6.    On behalf of the respondent it was contended by  Mr.  Maninder  Singh,
Additional Solicitor General that Rule 13 of the Army Rules did not  provide
for any specific procedure to  be  followed  for  discharge  of  undesirable
persons or habitual offenders.  The procedure prescribed  for  the  exercise
of the power of discharge in terms  of  the  circular  relied  upon  by  the
appellant was, according to the  learned  counsel,  directory  and  did  not
create any right in the individual concerned to demand  an  enquiry  in  the
matter. The procedure was in any case de hors the provisions of Rule  13  of
the Army Rules, hence un-enforceable. Reliance in support  was  placed  upon
the decisions of this Court in Union of India  and  Ors.  v.  Corporal  A.K.
Bakshi and Anr. (1996) 3 SCC 65, Union of India  and  Ors.  v.  Rajesh  Vyas
(2008) 3 SCC 386, and Union of India and Ors. v. Deepak Kumar Santra  (2009)
7 SCC 370. Reliance was also placed upon a recent decision of this Court  in
Union of India v. Balwant Singh (Civil Appeal No. 5616 of 2015) and a three-
Judge Bench decision in Union of India and  Ors.  v.  Harjeet  Singh  Sandhu
(2001) 5 SCC 593 apart from a Division Bench decision of the High  Court  of
Delhi in Surinder Singh v. Union of India (2003) 1 SCT 697.
7.    Section 22 of the Army Act, 1950 provides that any person  subject  to
the said Act may be retired, released or discharged by  such  authority  and
in such manner as may be prescribed. Section 23 envisages  the  issue  of  a
certificate on termination of service to every junior commissioned  officer,
warrant officer, or enrolled person, who is dismissed, removed,  discharged,
retired or released from service.  Section  191  of  the  Act  empowers  the
Central Government to make rules for the purpose  of  carrying  into  effect
the provisions of the Act.
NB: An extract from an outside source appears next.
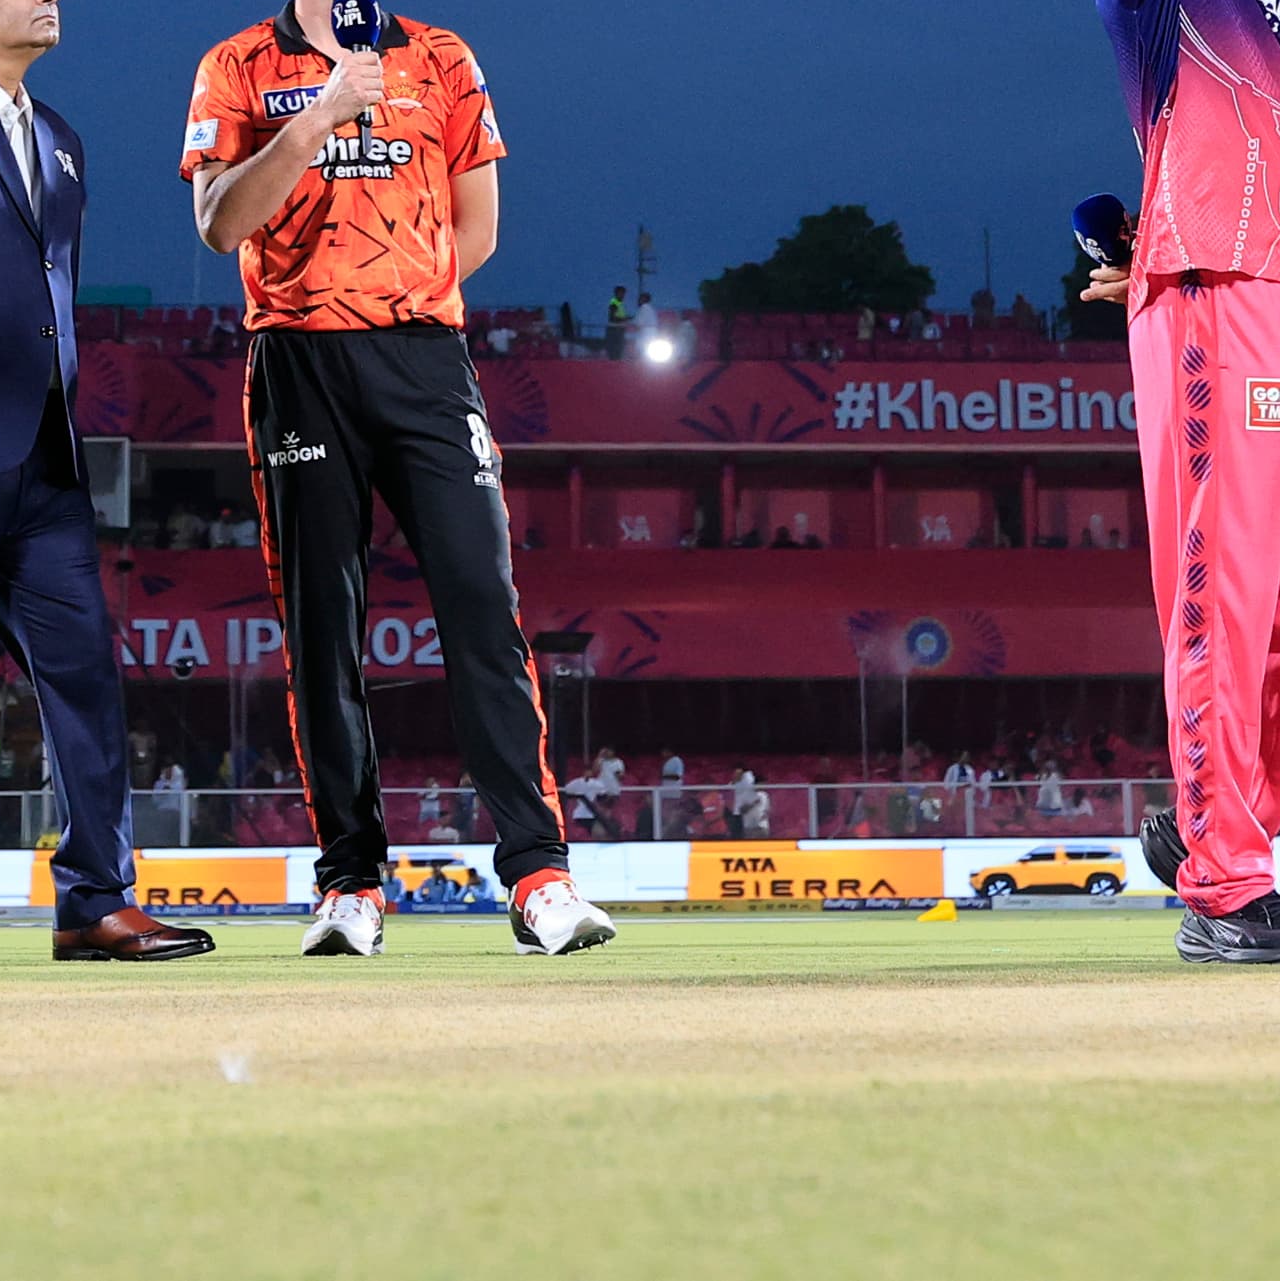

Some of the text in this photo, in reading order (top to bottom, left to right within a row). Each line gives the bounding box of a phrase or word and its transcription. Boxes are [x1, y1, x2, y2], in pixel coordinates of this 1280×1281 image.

The rules may, inter alia, provide  for  removal,
retirement, or release upon discharge from service  of  persons  subject  to
the rule. The Government has in exercise of that power  framed  Army  Rules,
1953, Rule 13(III)(v) whereof  applicable to the case at hand  empowers  the
Brigade and Sub Area Commander to direct such discharge after giving to  the
person whose  discharge  is  contemplated,  an  opportunity  to  show  cause
against the same provided the circumstances of the case permit the grant  of
such opportunity. Rule 13 (1), (2), (2A), (3)(III) and the Table  below  the
same are  extracted :
“13.  Authorities empowered  to  authorise  discharge  –  (1)  Each  of  the
authorities specified in column 3 of the Table below shall be the  competent
authority to discharge from service person subject to the Act  specified  in
column 1 thereof on the grounds specified in column 2.

(2)   Any power conferred by this rule on any of the  aforesaid  authorities
shall also be exercisable by any other authority Superior to it.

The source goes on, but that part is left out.